Seperti diberitakan indonesianlantern.com edisi 31 Desember 2018, sedikitnya 300 mahasiswa Indonesia di Taiwan dipaksa bekerja di pabrik-pabrik industri. Mereka yang berasal dari 6 perguruan tinggi Taiwan, diangkut truk ke sejumlah kawasan industri yang merakit berbagai produk. Di antaranya ke pabrik pembuat lensa kontak (contact lens).
Hal itu terungkap dari penyidikan Ko Chih-en, anggota parlemen Partai Kuomintang, Taiwan, yang diumumkan pekan lalu. Dalam penyelidikan diam-diam, Ko Chih-en, anggota parlemen perempuan itu menemukan bukti bahwa 300 mahasiswa Indonesia di antaranya, menjalani kuliah di Universitas Hsing Wu.
Kasus ini membuat Departemen Pendidikan Taiwan panik. Maklum, kementerian yang mengawasi studi mahasiswa asing di Taiwan itu telah mengeluarkan larangan bekerja bagi para mahasiswa di tahun-tahun pertama. Namun oleh pihak perguruan tinggi larangan itu direkayasa, dan para mahasiswa baru itu dimasukkan ke dalam kelompok mahasiswa lama dan dikirim ke pabrik-pabrik dengan alasan untuk kerja praktik.
Ratusan mahasiswa itu disebut terdaftar kuliah di Universitas Hsing Wu di Distrik Linkou, Taipei. Mereka disebut masuk perguruan tinggi itu melalui pihak ketiga atau perantara. Menurut laporan China Times seperti dikutip surat kabar Taiwan News, Rabu (2/1), mereka menempuh kelas internasional khusus di bawah Departemen Manajemen Informasi sejak pertengahan Oktober 2018.
Dalam sepekan, para mahasiswa itu dikabarkan hanya belajar di kelas selama dua hari. Para mahasiswa Indonesia itu dilaporkan dipekerjakan di sebuah pabrik lensa kontak di Hsinchu dengan jam kerja dari pukul 07.30 sampai 19.30 waktu setempat, dengan waktu istirahat hanya dua jam. Mereka harus membungkus setidaknya 30 ribu bungkus lensa kontak. Selain itu, para pelajar yang rata-rata Muslim itu dilaporkan hanya diberi makanan tidak halal, bahkan mengandung daging babi.
Padahal, para mahasiswa itu seharusnya diberi uang praktik dari para perusahaan Taiwan dan Departemen Pendidikan Taiwan. Namun sayang, uang itu ditilap para makelar pencari tenaga kerja di Taiwan.

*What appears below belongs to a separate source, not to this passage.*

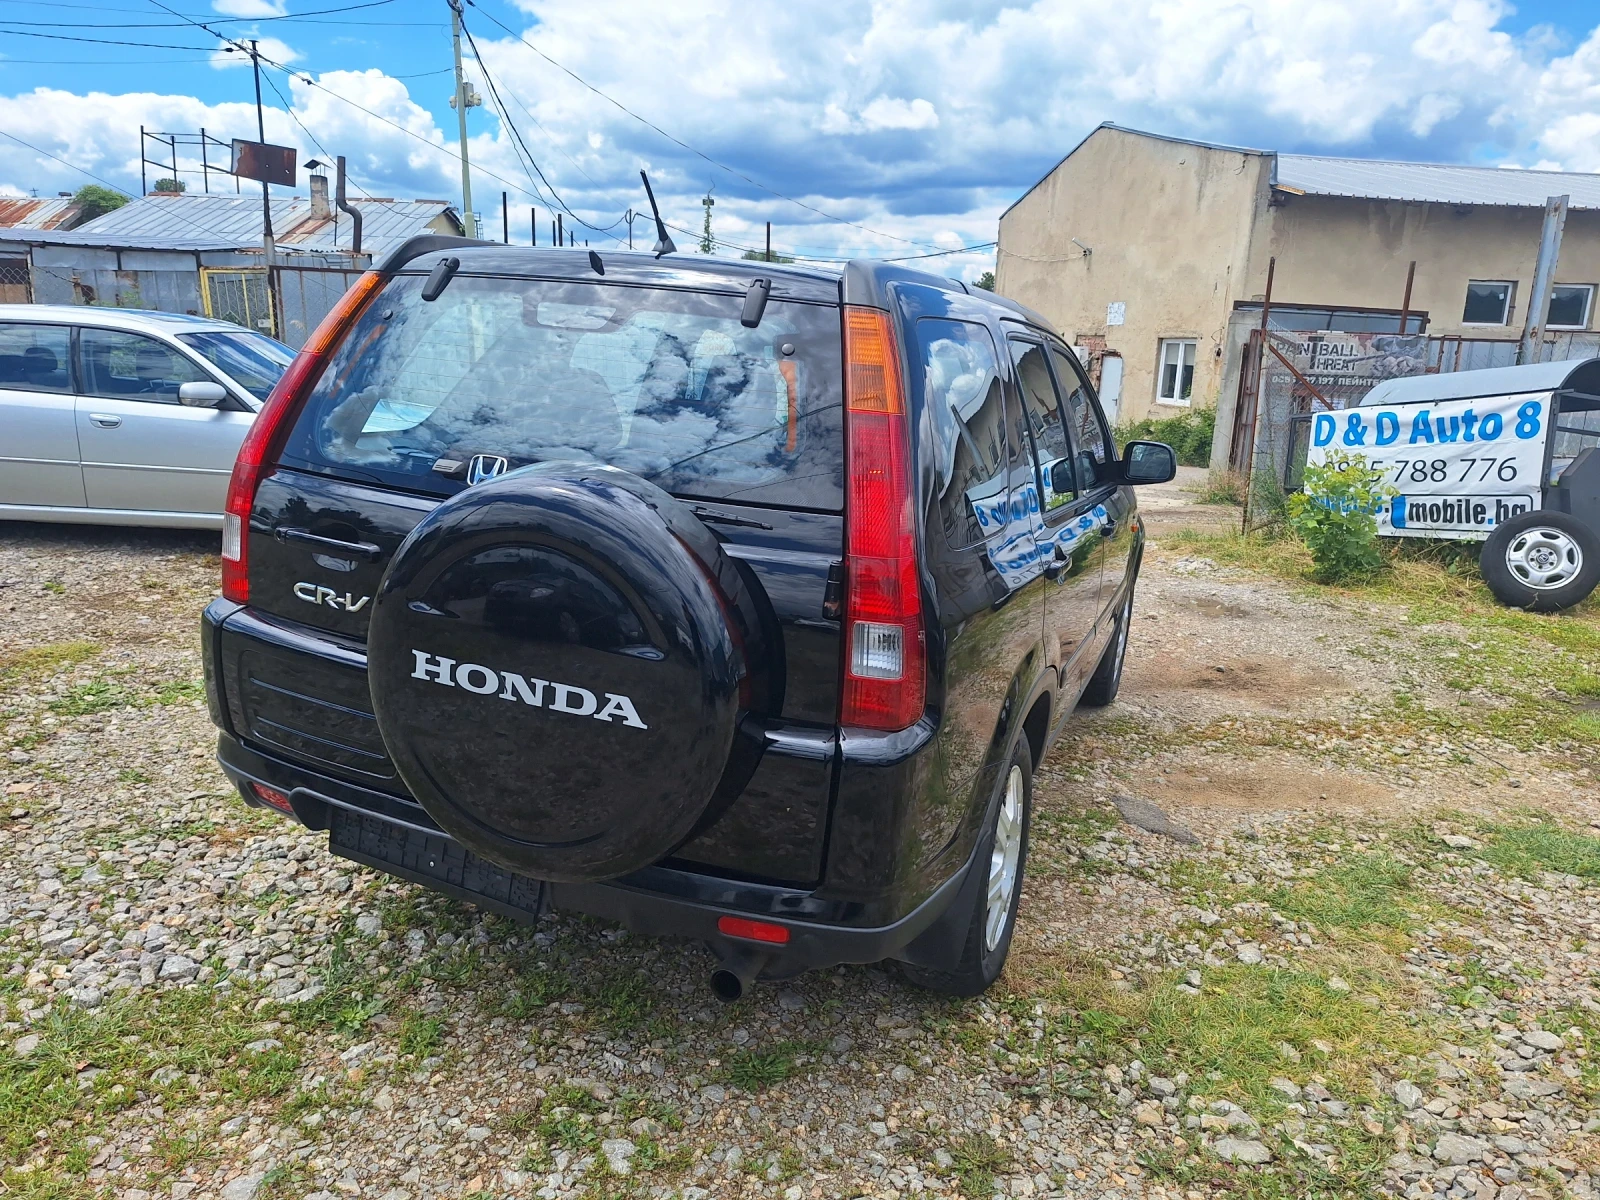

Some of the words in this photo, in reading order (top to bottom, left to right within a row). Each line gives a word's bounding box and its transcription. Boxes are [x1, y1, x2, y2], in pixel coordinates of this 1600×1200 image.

Nilainya, seorang mahasiswa diberi NT $ 200 (Satu New Taiwan Dollar = Rp 475.50). Kalikan saja bila ada 1.000 orang mahasiswa yang ikut program ini.
Selain dari Indonesia, ada mahasiswa dari 18 negara yang ikut dalam kerjasama New Southbound Policy (NSP), program pendidikan yang dibiayai Taiwan, sejak 2016. Antara lain, Indonesia, Thailand, Filipina, Malaysia, Vietnam, Myanmar Kamboja, Pakistan, Bangladesh, Srilanka, Australia dan Selandia Baru. (Gaf)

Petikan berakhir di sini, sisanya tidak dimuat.